Warts and All: Why learning how to learn matters
A while ago, I was reading the Turing Omnibus, doing some research into error correction, and I learned about Hamming Codes. I might have understood the concept at the time, but today, what I remember is the offhand comment my friend made about their creator, Richard Hamming.
Oh you should watch his talk “You and Your Research”.
At this point in my life, I'd been laid off form my first startup and was taking a break to “get better at programming”.
My goal was vague, I admit.
I loved development and I'd worked very hard to get that first job , but I realized about 10 months into working that I was spinning my wheels. I was learning the libraries and could hook them together, but I was playing with Duplos, mentally.
I didn't have the deeper understanding of computers that gave all that library code some context. I didn't understand what it was doing at any sort of level but the most superficial. And I was aware that the world in which I was traveling was moving faster and faster, which effectively made me standing still or moving backwards.
“You and Your Research” is a brilliant, inspirational talk, which I've since watched many times. But I'll focus on one point Hamming makes, which hit me like a brick over the head.
Given two people of approximately the same ability and one person who works ten percent more than the other, the latter will more than twice outproduce the former.
The more you know, the more you learn; the more you learn, the more you can do; the more you can do, the more the opportunity - it is very much like compound interest.
He's actually making two points here, which I'll unpack.
The first point: because because knowledge is compounding, knowing more is a virtuous cycle.
And in terms of what you choose to learn, there's a spectrum from essentially useless to rather useful. And what I mean by useful knowledge here are things that don't really change all that quickly and things you can build on.
In fact, not all knowledge is actually compound useful (or maybe if its not compounding knowledge its actually just trivia 🤔). Thus, you should work hard to identify knowledge that does compound.
Not to say you shouldn't learn it, but I would strongly suggest learning only as little as necessary to get your job done (Just in Time learning).
Or learn assembly because you'll actually have to learn how computer work to understand what's even going on (I'll grant you that some crazy freaks will tell me that even assembly is a “huge abstraction” and I suppose they'd be kinda right, but who wants to have a drink with them at a party….).
This corpus of knowledge is generally called serious tone Computer Science, which is neither about computers nor is a science (sic(p)).
That being said, its useful great stuff, especially if you want to stop spinning your wheels and start getting somewhere. I'll tell you that stepping of the treadmill and ambling through the dustier sections of CS in the library, picking up Olde Books (like “Programming Pearls” or “TCP/IP Illustrated”) taught me things that no React tutorial ever could.
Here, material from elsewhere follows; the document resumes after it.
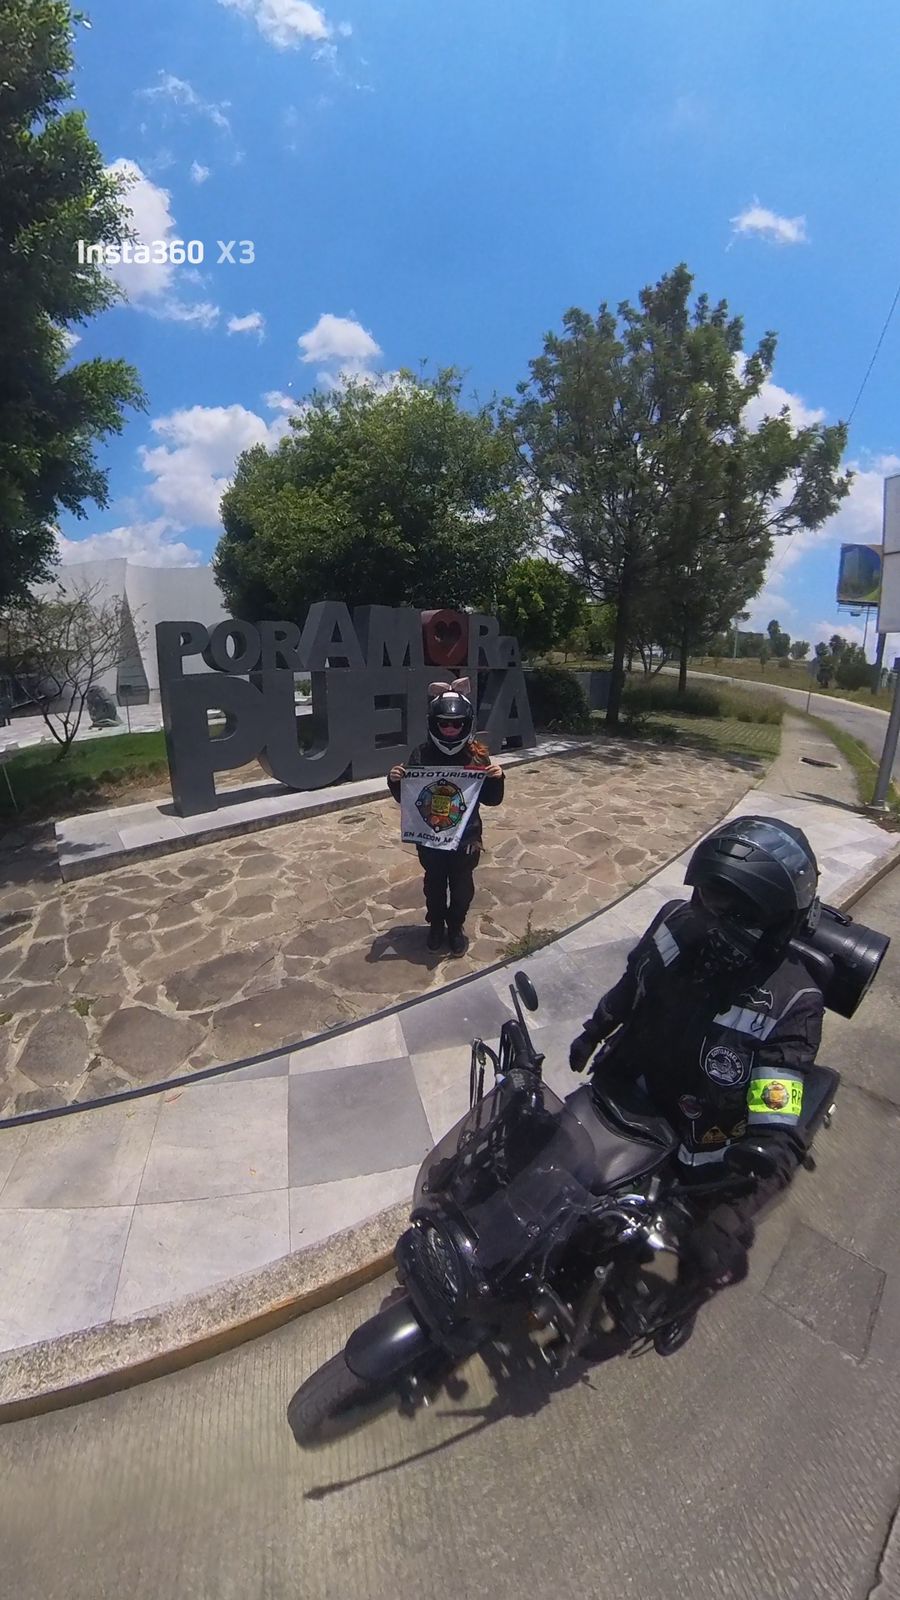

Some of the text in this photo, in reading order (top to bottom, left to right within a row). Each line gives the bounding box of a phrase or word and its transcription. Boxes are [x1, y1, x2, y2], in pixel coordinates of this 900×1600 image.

[156, 618, 300, 681] POR
[161, 668, 536, 817] PUEA
[404, 771, 486, 780] MOTOTURISMO
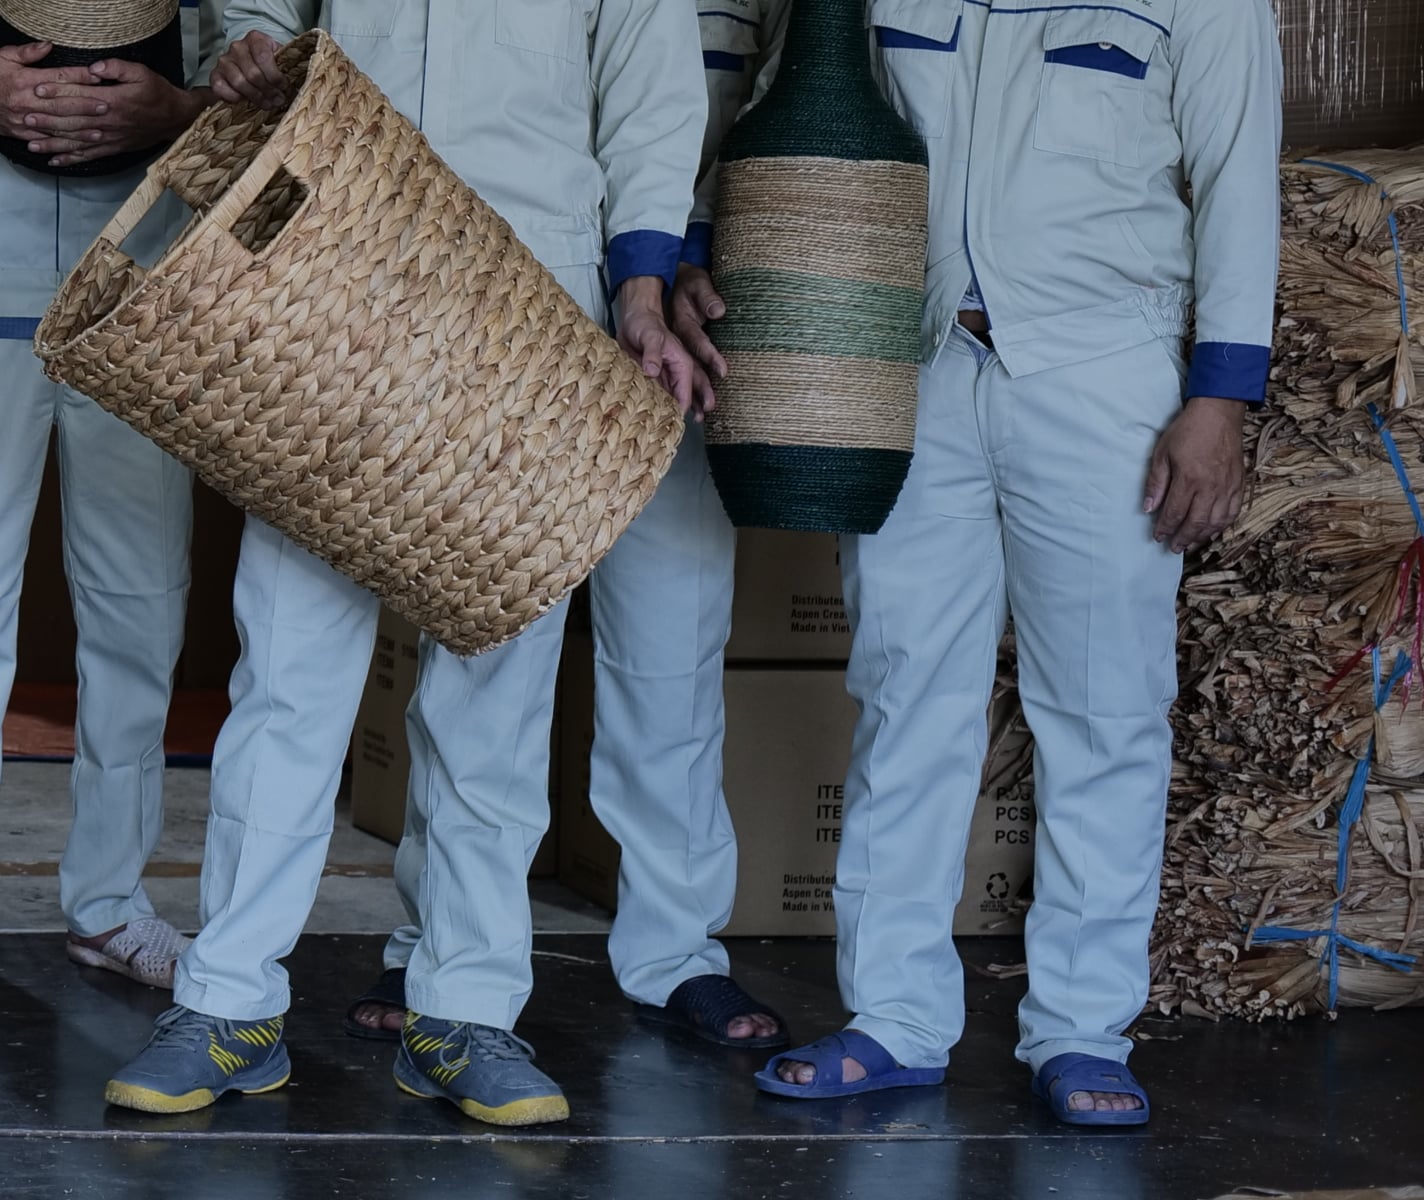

This old stuff gave me, for lack of a better term, intuition. And its since proved really useful working in lots of domains, from shite frontend webapps to infrastructure to devops, from mac to linux to windows.
Now I'm not saying that the particulars don't matter; they really do.
Knowing the platforms you're working on is crucial to doing good work. But what I am saying, is that spending some time with the deeper subjects will pay dividends. Dividends in your ability to read unfamiliar languages and codebases and paradigms, dividends in your ability to debug problems, and dividends in your holistic enjoyment of your work, because you'll start of see the larger picture instead of feeling like you're constantly falling behind.
That's what we mean by perspective. And I'm not there yet, but I feel like I've found the pointer to the moon.
The other point Hamming was making in the above quote is about the virtues of drive and hard work; these are the things that it takes to succeed and do the good stuff. No substitutes for putting in the time on the right things, to be sure, but he's also making a deeper point about understanding the keys to success.
I took from this that my achievements were timebound (i.e. We're going to die some day and have a limited amount of time to do something good), and so focusing on leverage (activities and process that have a multiplying effect on my knowledge, output, or impact) was essential to using that time wisely.
On learning: lots of smart people have studied how to more effectively learn (Barbara Oakley in particular is someone you should look up). Learning more effectively makes your time spent learning literally have a greater output.
Spend time understanding the best resources to learn from and the experts from whom you can learn, especially those who sift, synthesize, and summarize information (Shane Parrish calls this Mastering The Best Of What Other People Have Already Figured Out). These people are literally doing the work for you and you should greedily take advantage of that fact.
Constantly, ruthlessly cut wasteful activities out of your life and seek to do things more time and energy efficiently, e.g. Quit social media. Do it now. You'll thank me in like three years when you realized what a psychological blackhole it is (admittedly I'm still on Twitter).
I'm not arguing for a life-hacks style approach, but for simply recognizing that achievement takes great effort and sacrifice and that using your time well and making space in your life for that work are necessary and important steps along a journey of continual, steady upward progress. Take the long view and you'll see far.